Premessa: il piatto è ricco, l’occasione unica, la posta in gioco altissima. Ma nulla di tutto ciò giustifica che per arrivare al risultato si passi sopra le regole. Anzi, a maggior ragione bisogna tenere ben aperti gli occhi per evitare che la fretta non solo sia cattiva consigliera, ma viatico a infiltrazioni poco chiare se non malavitose nella gestione dei vari iter e soprattutto degli appalti. Per contro, considerando il livello medio di opacità e le incrostazioni del sistema autorizzativo e burocratico del Belpaese, è semplicemente illusorio pensare di giocare una partita nuova, epocale, con regole vecchie. E soprattutto con chi ha fatto della melina e del mandare la palla in tribuna la regola di vita. O sopravvivenza.

Scriviamo questo qualche giorno dopo il primo round della Conferenza di servizi sul treno per Orio, dove si è arrivati a livelli di bizantinismo assoluto. Nessuna intenzione da parte nostra di esprimerci in merito al progetto, non in questa sede, solo evidenziare procedure farraginose e un’assoluta mancanza di certezze su iter, tempi e responsabilità che rischia di mettere in crisi qualsiasi opera, a maggior ragione quelle che devono essere realizzate in tempi certi come da Pnrr.
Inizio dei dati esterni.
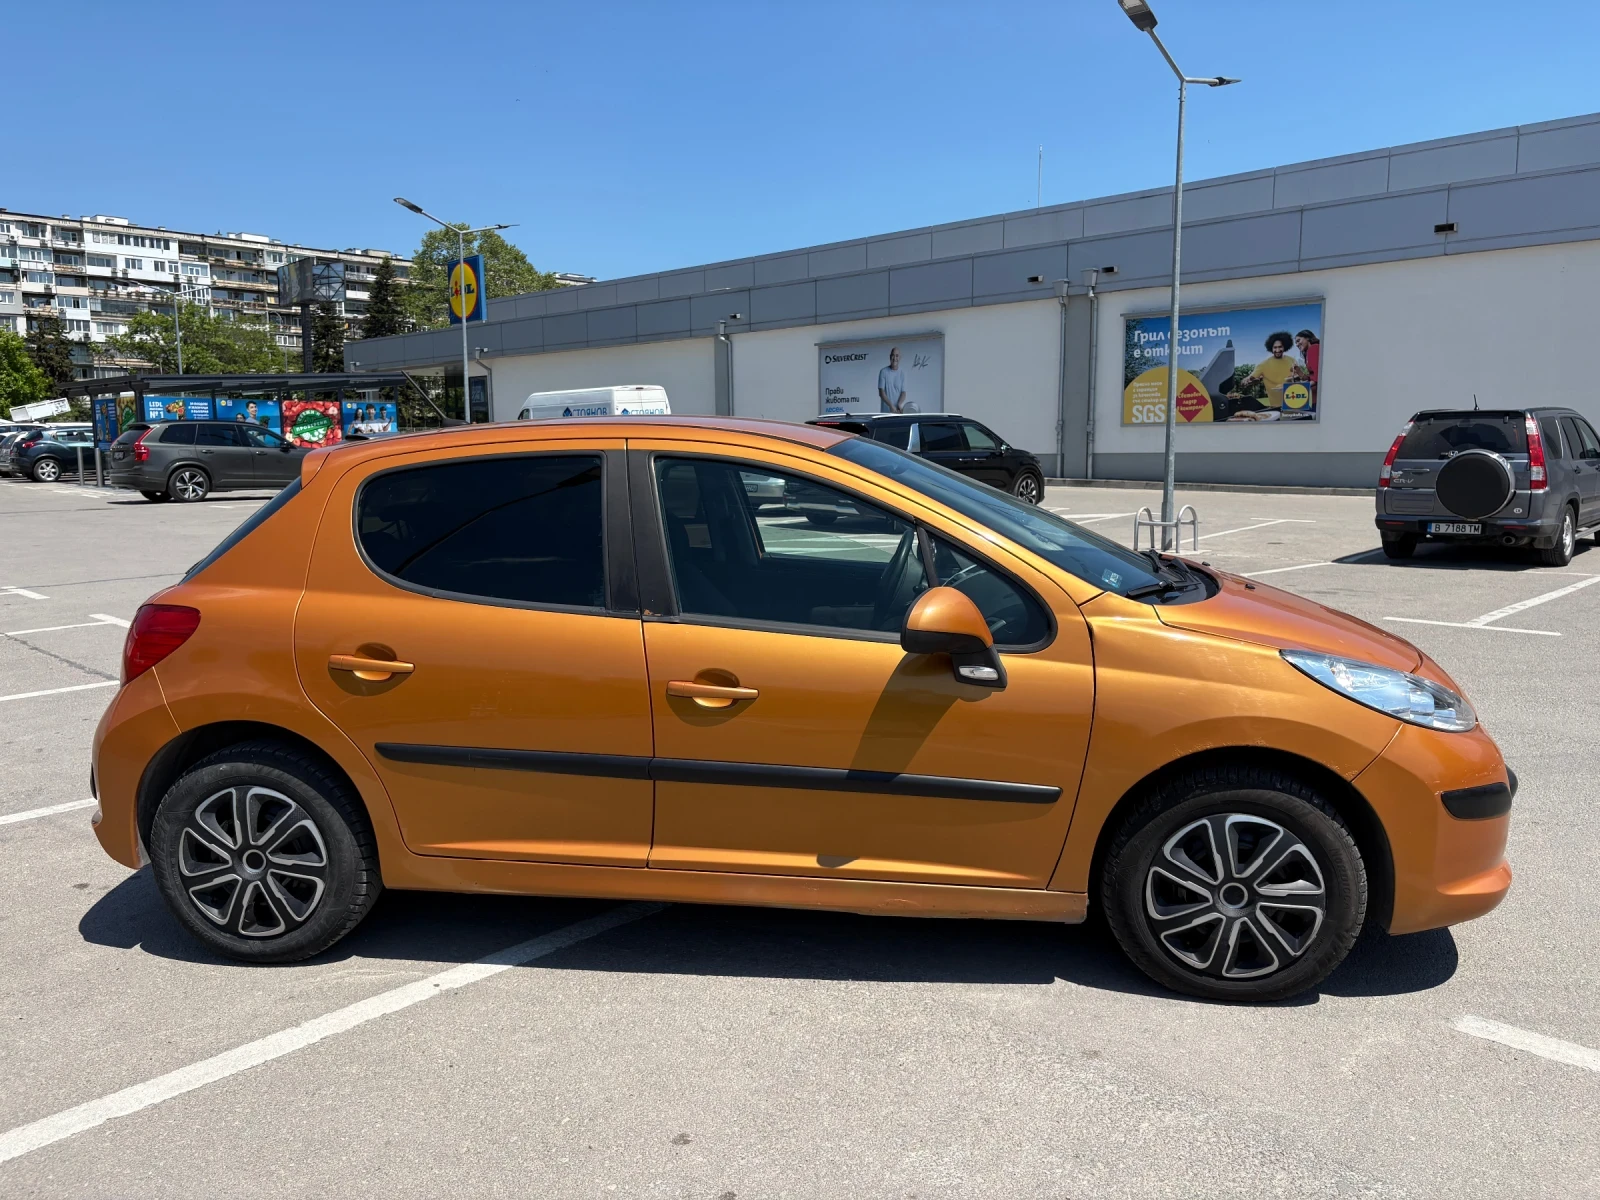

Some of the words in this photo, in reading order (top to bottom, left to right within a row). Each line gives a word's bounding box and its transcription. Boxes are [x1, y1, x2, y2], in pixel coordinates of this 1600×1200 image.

In sintesi: la Conferenza si deve esprimere su un progetto definitivo licenziato da Rfi, nel frattempo modificato dalla società medesima prendendo spunto dal parere del ministero dei Beni culturali e dalle osservazioni alla Via (Valutazione d’impatto ambientale) presentate da Comune e Regione, ma di fatto non ancora processate dal Mite (ministero della Transizione ecologica, fu Ambiente) che non ha chiuso la procedura, come confermato dal suo rappresentante. Piccolo dettaglio: il termine per la presentazione delle osservazioni era il 21 dicembre, ma del 2020. In un anno e qualcosa il Mite non ha ancora chiuso la Via e, se proprio dobbiamo dirla tutta, i colleghi alla Cultura il parere l’hanno espresso solo lo scorso novembre, sentendosi pure rimbrottare perché sarebbero andati oltre i confini d’ambito, esprimendo anche una soluzione alternativa. Questo per capire quanto siano surreali procedure e burocrazia e difficili i rapporti tra i dicasteri, fattore emerso in maniera lampante anche in sede di Conferenza. Per un’opera comunque commissariata (e con Rfi molto determinata), figuriamoci le altre.
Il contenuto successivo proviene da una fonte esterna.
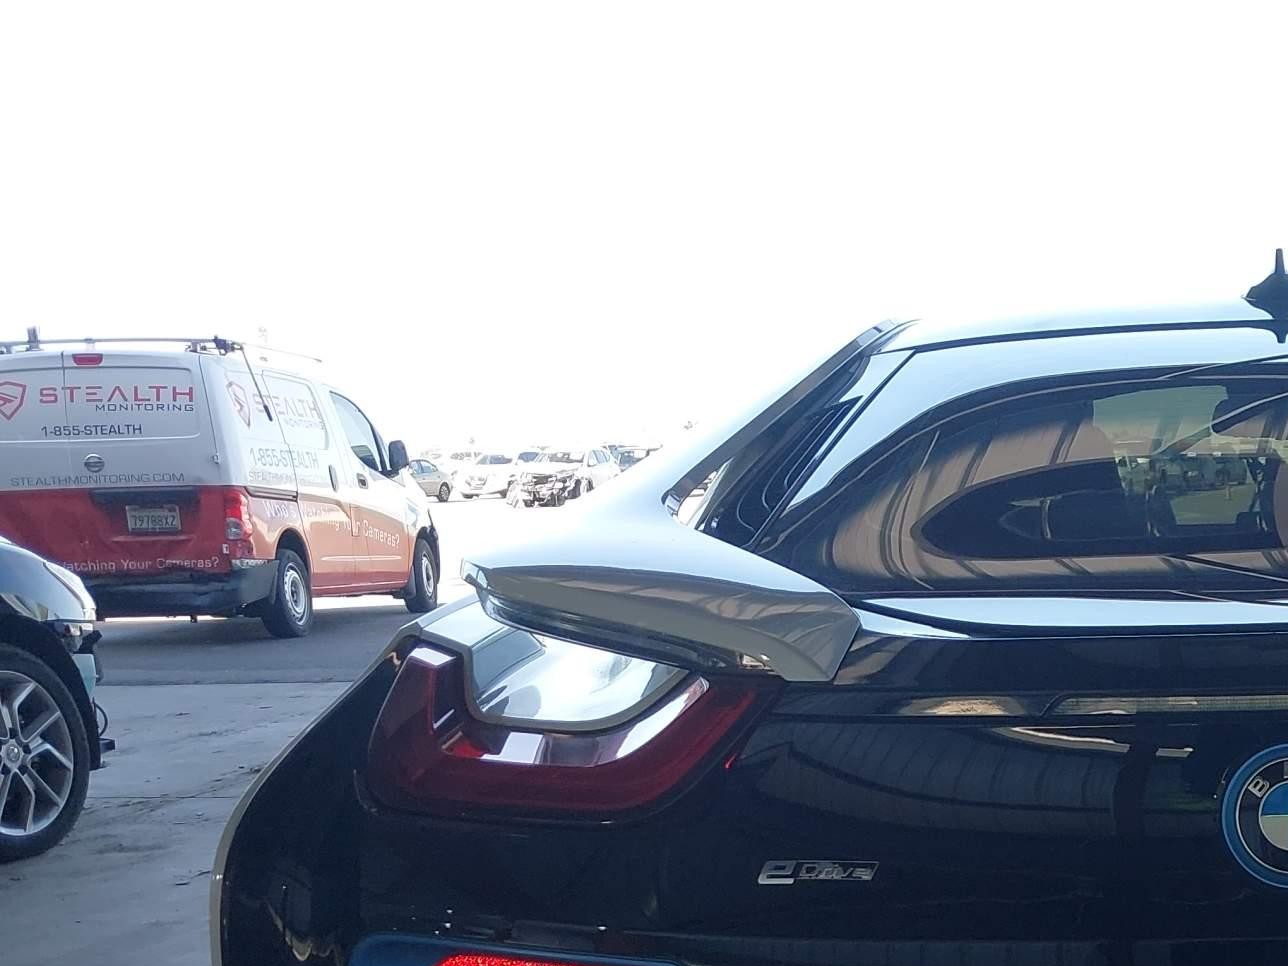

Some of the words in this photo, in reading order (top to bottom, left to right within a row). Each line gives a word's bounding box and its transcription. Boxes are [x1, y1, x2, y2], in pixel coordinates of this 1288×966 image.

[39, 385, 194, 404] STEALTH
[96, 403, 194, 412] MONITORING
[41, 424, 143, 437] 1-855-STEALTH
[10, 472, 186, 488] STEALTHMONITORING.COM
[364, 519, 400, 548] Cameras?
[63, 559, 116, 573] atching
[121, 558, 151, 571] Your
[157, 556, 219, 569] Cameras?
Lo stesso ragionamento si può fare pari pari per il Piano di sviluppo aeroportuale di Orio al Serio (in attesa da mo’) e per altre opere, presenti, passate e future. Il paradosso è che questa situazione non aiuta nessuno, nemmeno chi si dice contro: non si difendono gli interessi (legittimi) dei cittadini perplessi o preoccupati alimentando ambiguità, dicendo e non dicendo o mascherando iter eterni a guisa di attenzione alle istanze del territorio. In questo modo si aggiunge solo incertezza a incertezza, esattamente quello che non serve al Paese in generale e in questa fase storica di ripartenza in particolare.

Il Pnrr non può e non deve essere un «liberi tutti», ma nemmeno trasformarsi nell’ennesima occasione persa per mancanza di tempi certi, chiarezza e decisioni, tanto più davanti a quei Comuni che stanno facendo salti mortali per restare al passo con personale comunque insufficiente e scenari inediti e indefiniti. Non servono leggi speciali e nemmeno prove di forza, ma solo responsabilità: quella di dire sì o no. Ma dirlo.